R/camel_index.R

Defines functions .transform_camel .extract_data camel_index

Documented in camel_index

#' Compute Multivariate-Weighted CAMEL Index
#'
#' Computes a composite year-on-year index for bank performance assessment using
#' the CAMEL framework. The multivariate weighting scheme employs robust factor
#' analysis to derive communality-based weights from the correlation matrix of
#' CAMEL ratios.
#'
#' The index is computed as the arithmetic mean of two multivariate-weighted
#' Laspeyres-type and Paasche-type indices, scaled to a base of 100. The
#' percentage difference (PD) from the base year is also reported.
#'
#' @param base_data A data frame or matrix containing the base year CAMEL ratios.
#'   If a data frame, the first column must contain bank identifiers (character or
#'   numeric). If a matrix, bank identifiers must be supplied separately via
#'   `bank_names`.
#' @param current_data A data frame or matrix containing the current year CAMEL
#'   ratios, in the same format and order as `base_data`.
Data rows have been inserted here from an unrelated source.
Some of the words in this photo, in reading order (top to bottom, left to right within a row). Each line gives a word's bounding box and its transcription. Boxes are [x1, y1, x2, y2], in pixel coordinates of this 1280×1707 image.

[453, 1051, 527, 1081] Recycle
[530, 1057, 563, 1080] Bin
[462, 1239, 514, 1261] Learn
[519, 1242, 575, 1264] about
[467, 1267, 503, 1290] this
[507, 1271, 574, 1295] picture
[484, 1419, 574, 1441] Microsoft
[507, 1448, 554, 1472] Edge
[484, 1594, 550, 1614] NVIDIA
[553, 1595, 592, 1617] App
#' @param bank_names A character or numeric vector of bank identifiers. Required
#'   when `base_data` and `current_data` are matrices. Must be the same length as
#'   the number of rows in the data. Ignored when inputs are data frames.
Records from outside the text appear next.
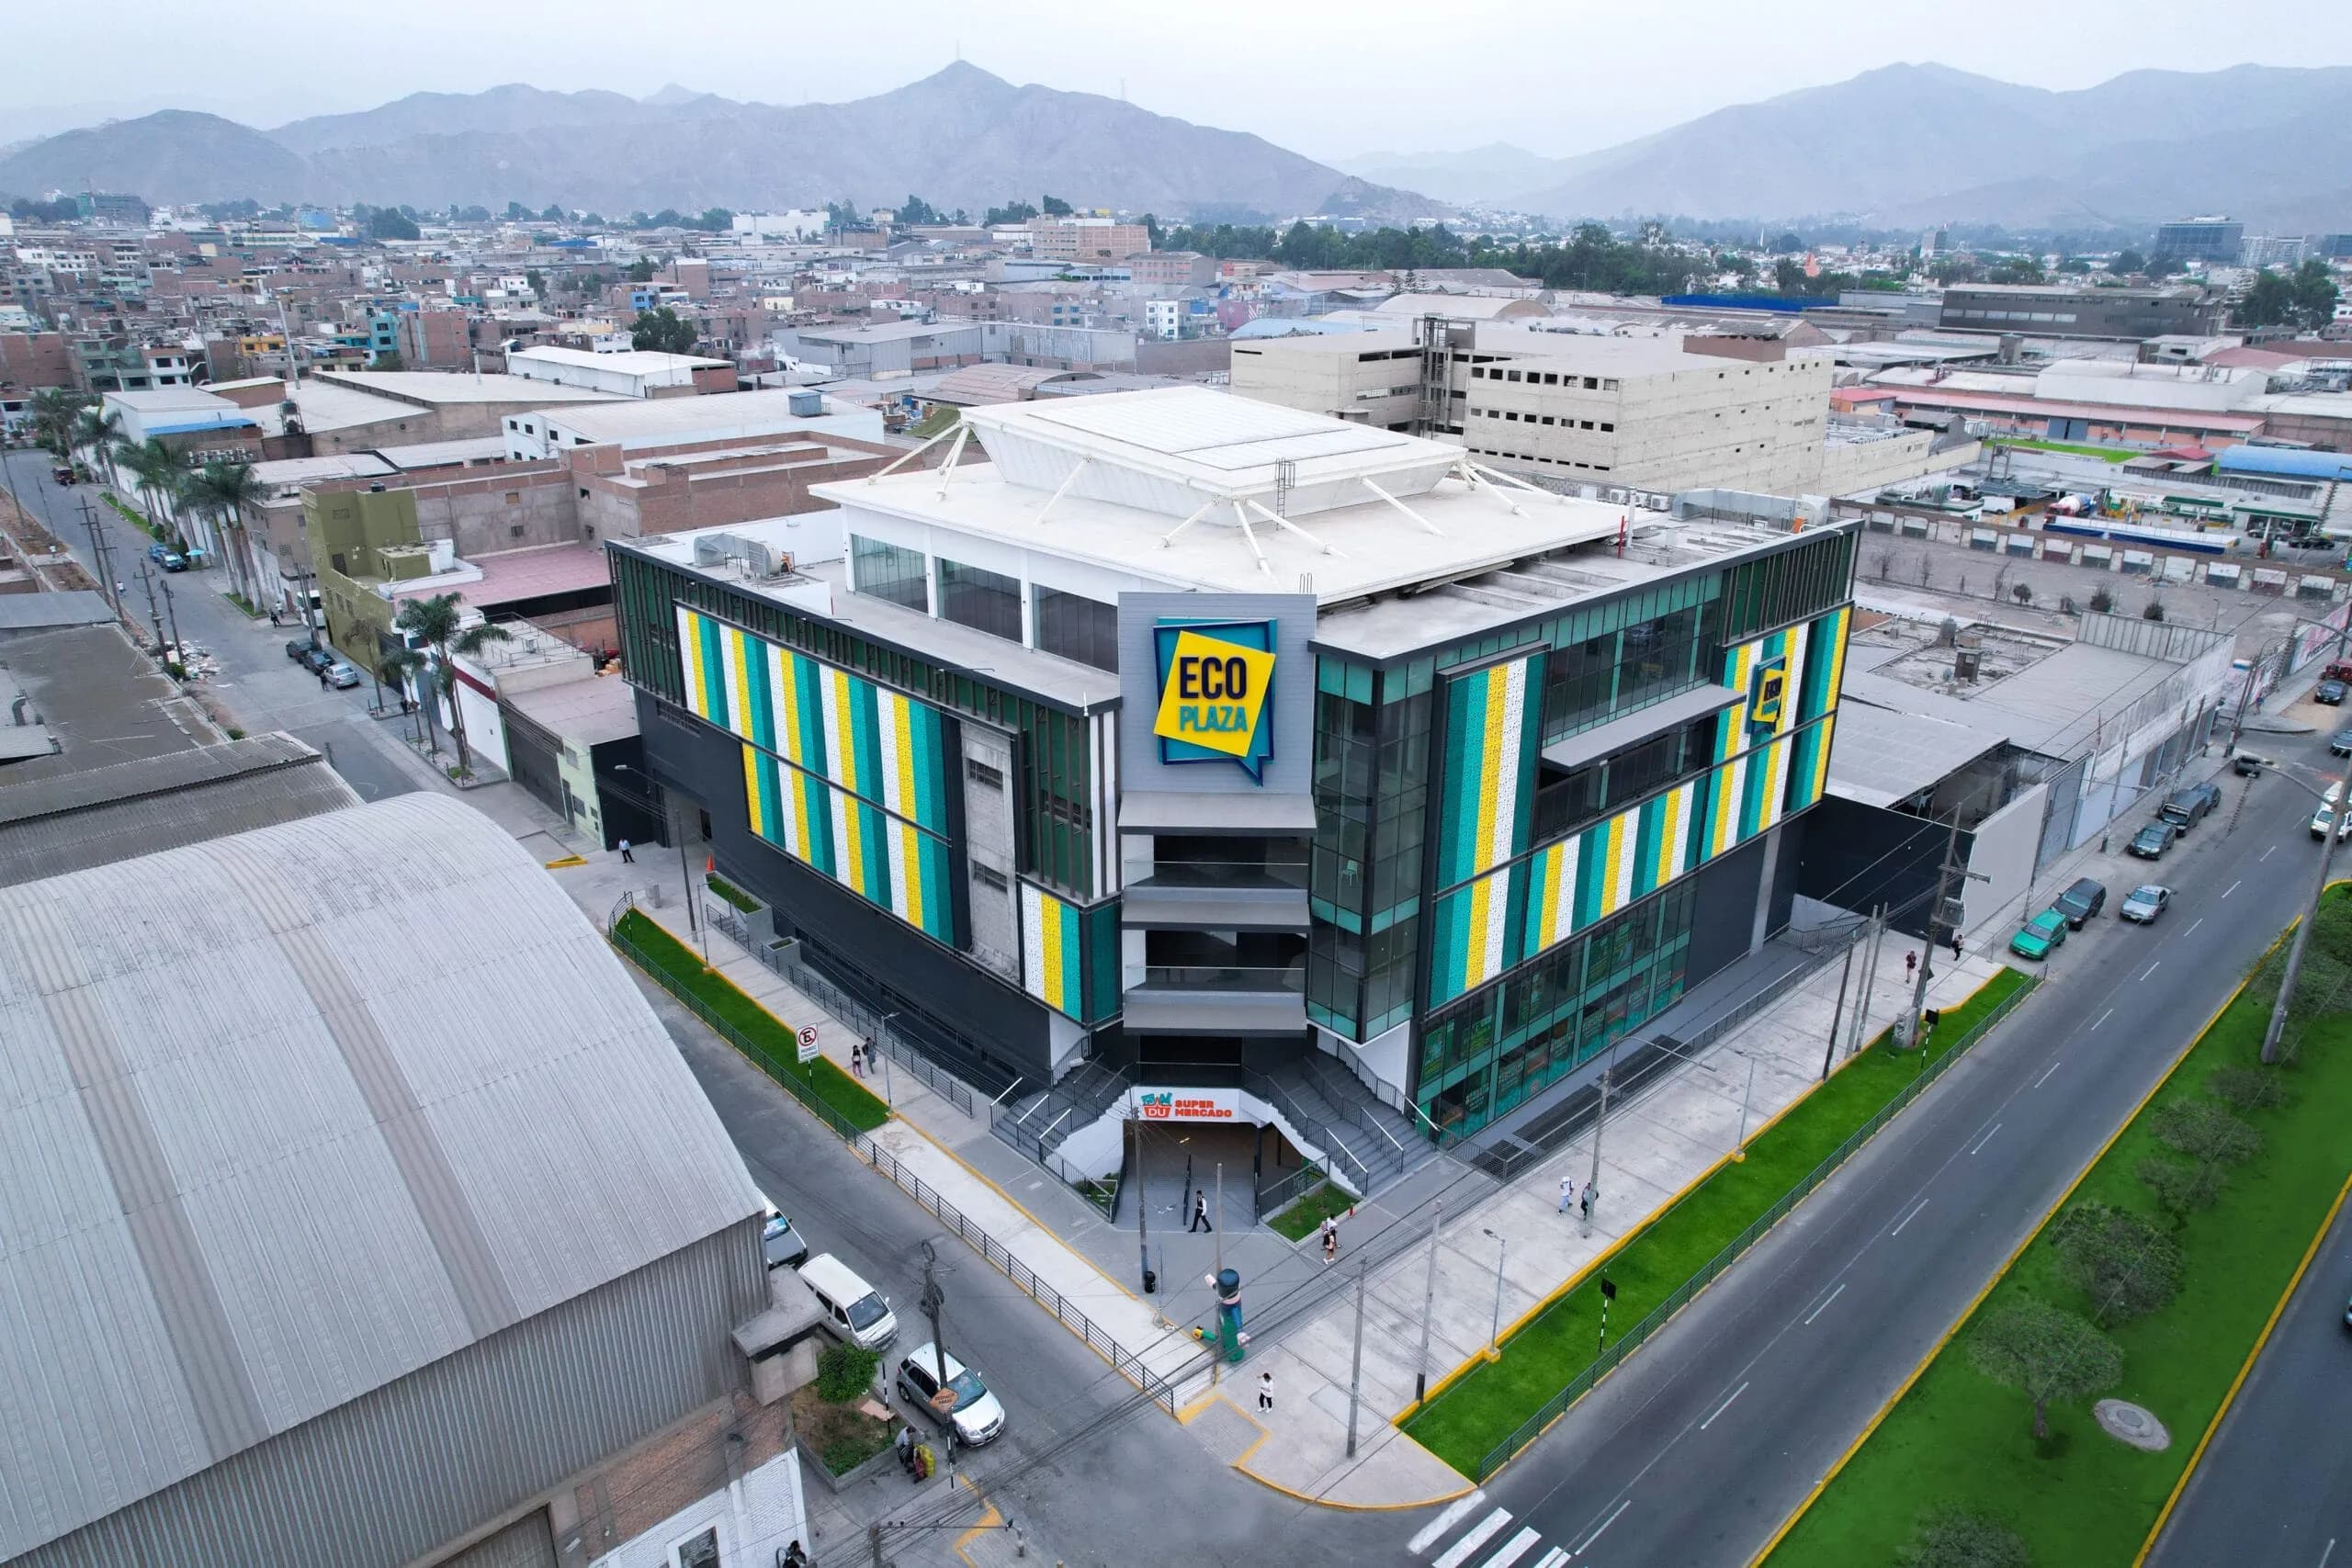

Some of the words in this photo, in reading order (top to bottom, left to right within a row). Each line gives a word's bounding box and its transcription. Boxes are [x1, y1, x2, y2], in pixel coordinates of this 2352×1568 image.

[1179, 656, 1247, 700] ECO
[1179, 705, 1248, 732] PLAZA
[1175, 1100, 1215, 1108] SUPER
[1148, 1108, 1166, 1117] DU
[1175, 1109, 1232, 1117] MERCADO
#' @param n_factors Integer specifying the number of factors to extract in the
#'   robust factor analysis. Default is `3`.
#' @param scale_data Logical indicating whether to standardize the data before
#'   factor analysis. Default is `TRUE`.
#' @param cov_control A control object for robust covariance estimation, passed to
#'   [robustfa::FaCov()]. Default is [rrcov::CovControlOgk()].
#' @param method Character specifying the factor analysis method. Default is
#'   `"pca"` (principal component analysis). See [robustfa::FaCov()] for options.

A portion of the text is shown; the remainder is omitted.